Bill English claims (echoes of another Bill!) that he did not have pecuniary relations with his family trust:
“I didn’t have a pecuniary interest in the trust, I never have had, I don’t now and I don’t have any other interests in it.”
According to both common sense and the Auditor General he was wrong about that. Bill English also said that the changes made to the trust were made for personal reasons (the fact that he then got an increased Wellington allowance was just a “coincidence”):
He says he made the change “for personal and family reasons” unrelated to parliamentary allowances. Asked yesterday what those reasons were, he said: “I’m not sharing them with you.”
John Key backed up this story:
In March this year the title was transferred to Mrs English.
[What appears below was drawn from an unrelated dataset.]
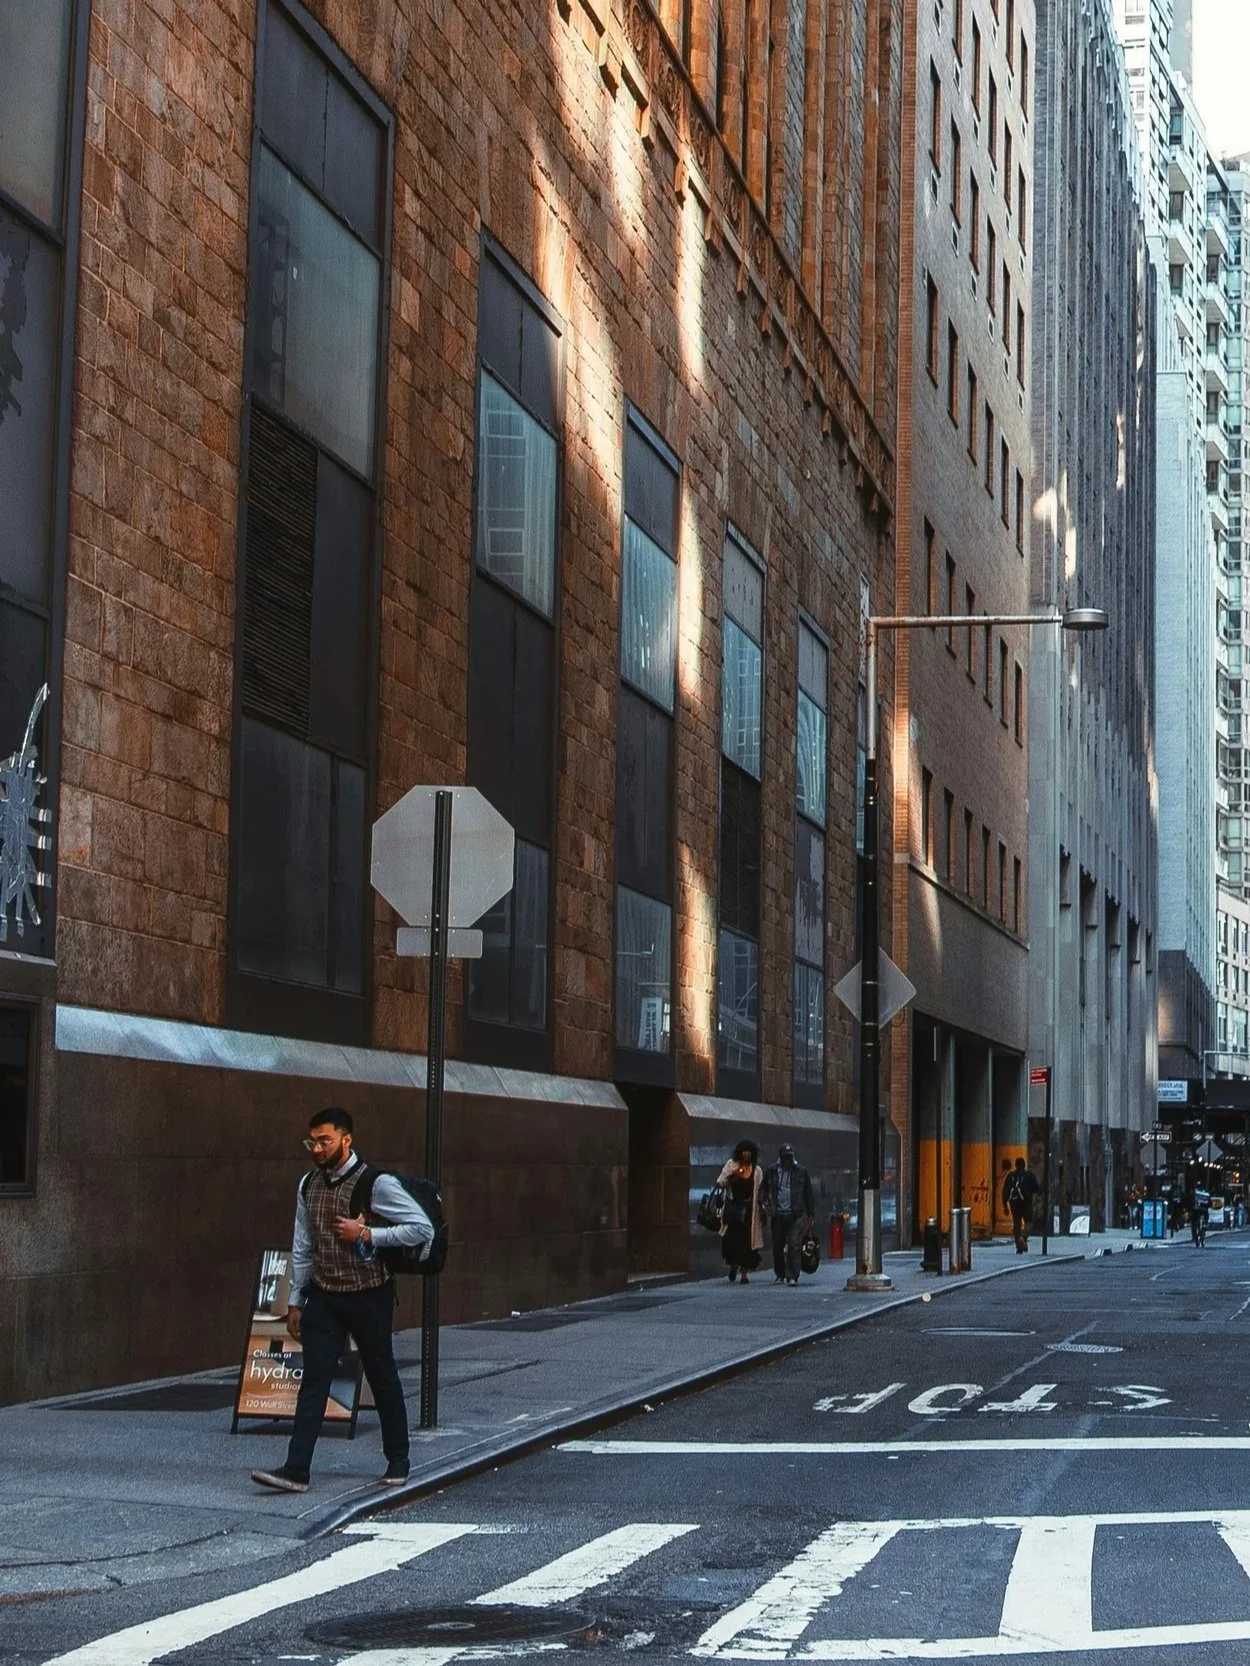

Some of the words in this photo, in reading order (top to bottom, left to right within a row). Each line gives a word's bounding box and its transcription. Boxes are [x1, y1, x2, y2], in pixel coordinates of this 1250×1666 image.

The home, now worth an estimated $1.2 million, is owned by a family trust.
Question to Mr Key: “When you said he changed the trust arrangement after the election, and that was the thing that qualified him for the Ministerial Services allowance, and yet he didn’t do it to qualify for the allowance, it was just a coincidence?”
Mr Key: “That’s my understanding.”
What a lucky coincidence for Bill eh! Changed his trust for personal reasons and just happened to be able to shake a few thousand more out of the taxpayer. Do you believe him? I don’t. And now we know for sure he was lying. According to the Auditor General’s report:
The result was that the Crown was renting a property for Mr English from a trust in which he had an interest, and the arrangement was explicitly based on a view that he did not have an interest. Clearly, this was unfortunate. We emphasise that the Minister’s declaration was based on advice. However, in our view, the advice was not directly relevant to this situation. We consider that Ministerial Services should have raised this with the Minister.
English sought “advice” (read support from a mate?) to the effect that the change to his trust “qualified” him for an extra allowance. (It didn’t, but he nearly got away with it.) You don’t seek advice on how changes influence your allowances unless you are making plans regarding your allowances. You don’t seek advice by coincidence! Nor do rules get changed for you by coincidence (who changed them and why?).
Bill English knew he was lying when he made that patently ludicrous claim. John Key knew he was lying (or if not he’s away with the pixies) when he supported Bill’s lie. Bill sold out his integrity and his credibility as Finance Minister, and dragged Key into his lies to boot, all for few thousand bucks. Was it worth it Bill?